• Task inputs:
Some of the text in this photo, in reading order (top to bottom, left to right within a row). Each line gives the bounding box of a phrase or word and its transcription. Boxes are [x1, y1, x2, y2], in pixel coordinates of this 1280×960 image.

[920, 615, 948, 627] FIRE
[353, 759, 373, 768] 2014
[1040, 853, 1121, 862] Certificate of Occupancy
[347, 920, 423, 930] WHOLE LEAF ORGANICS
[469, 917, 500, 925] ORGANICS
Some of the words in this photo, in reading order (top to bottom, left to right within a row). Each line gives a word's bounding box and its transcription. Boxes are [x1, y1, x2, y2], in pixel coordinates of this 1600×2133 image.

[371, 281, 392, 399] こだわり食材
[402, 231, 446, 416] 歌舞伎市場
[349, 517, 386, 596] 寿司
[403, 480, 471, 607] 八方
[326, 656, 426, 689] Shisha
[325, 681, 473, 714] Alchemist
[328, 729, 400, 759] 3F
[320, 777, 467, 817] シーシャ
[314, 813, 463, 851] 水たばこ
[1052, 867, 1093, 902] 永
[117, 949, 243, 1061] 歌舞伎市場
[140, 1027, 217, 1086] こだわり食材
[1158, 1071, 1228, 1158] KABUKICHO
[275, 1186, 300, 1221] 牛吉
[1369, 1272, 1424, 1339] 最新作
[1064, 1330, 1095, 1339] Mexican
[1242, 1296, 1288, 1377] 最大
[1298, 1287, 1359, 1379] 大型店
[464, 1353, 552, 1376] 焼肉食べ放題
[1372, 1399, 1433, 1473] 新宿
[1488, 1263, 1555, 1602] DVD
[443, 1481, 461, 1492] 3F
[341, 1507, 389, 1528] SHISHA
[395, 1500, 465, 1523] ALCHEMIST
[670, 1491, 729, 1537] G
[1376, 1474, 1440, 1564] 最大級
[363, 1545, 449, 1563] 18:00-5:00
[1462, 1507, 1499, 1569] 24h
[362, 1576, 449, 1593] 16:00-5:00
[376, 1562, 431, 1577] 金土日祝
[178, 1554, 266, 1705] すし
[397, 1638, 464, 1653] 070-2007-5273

• Problem description:
Nothing may be omitted. Restate all of the entries exactly.

• Solved problem:
Some of the text in this photo, in reading order (top to bottom, left to right within a row). Each line gives the bounding box of a phrase or word and its transcription. Boxes are [x1, y1, x2, y2], in pixel coordinates of this 1280×960 image.

[920, 615, 948, 627] FIRE
[353, 759, 373, 768] 2014
[1040, 853, 1121, 862] Certificate of Occupancy
[347, 920, 423, 930] WHOLE LEAF ORGANICS
[469, 917, 500, 925] ORGANICS
Some of the words in this photo, in reading order (top to bottom, left to right within a row). Each line gives a word's bounding box and its transcription. Boxes are [x1, y1, x2, y2], in pixel coordinates of this 1600×2133 image.

[371, 281, 392, 399] こだわり食材
[402, 231, 446, 416] 歌舞伎市場
[349, 517, 386, 596] 寿司
[403, 480, 471, 607] 八方
[326, 656, 426, 689] Shisha
[325, 681, 473, 714] Alchemist
[328, 729, 400, 759] 3F
[320, 777, 467, 817] シーシャ
[314, 813, 463, 851] 水たばこ
[1052, 867, 1093, 902] 永
[117, 949, 243, 1061] 歌舞伎市場
[140, 1027, 217, 1086] こだわり食材
[1158, 1071, 1228, 1158] KABUKICHO
[275, 1186, 300, 1221] 牛吉
[1369, 1272, 1424, 1339] 最新作
[1064, 1330, 1095, 1339] Mexican
[1242, 1296, 1288, 1377] 最大
[1298, 1287, 1359, 1379] 大型店
[464, 1353, 552, 1376] 焼肉食べ放題
[1372, 1399, 1433, 1473] 新宿
[1488, 1263, 1555, 1602] DVD
[443, 1481, 461, 1492] 3F
[341, 1507, 389, 1528] SHISHA
[395, 1500, 465, 1523] ALCHEMIST
[670, 1491, 729, 1537] G
[1376, 1474, 1440, 1564] 最大級
[363, 1545, 449, 1563] 18:00-5:00
[1462, 1507, 1499, 1569] 24h
[362, 1576, 449, 1593] 16:00-5:00
[376, 1562, 431, 1577] 金土日祝
[178, 1554, 266, 1705] すし
[397, 1638, 464, 1653] 070-2007-5273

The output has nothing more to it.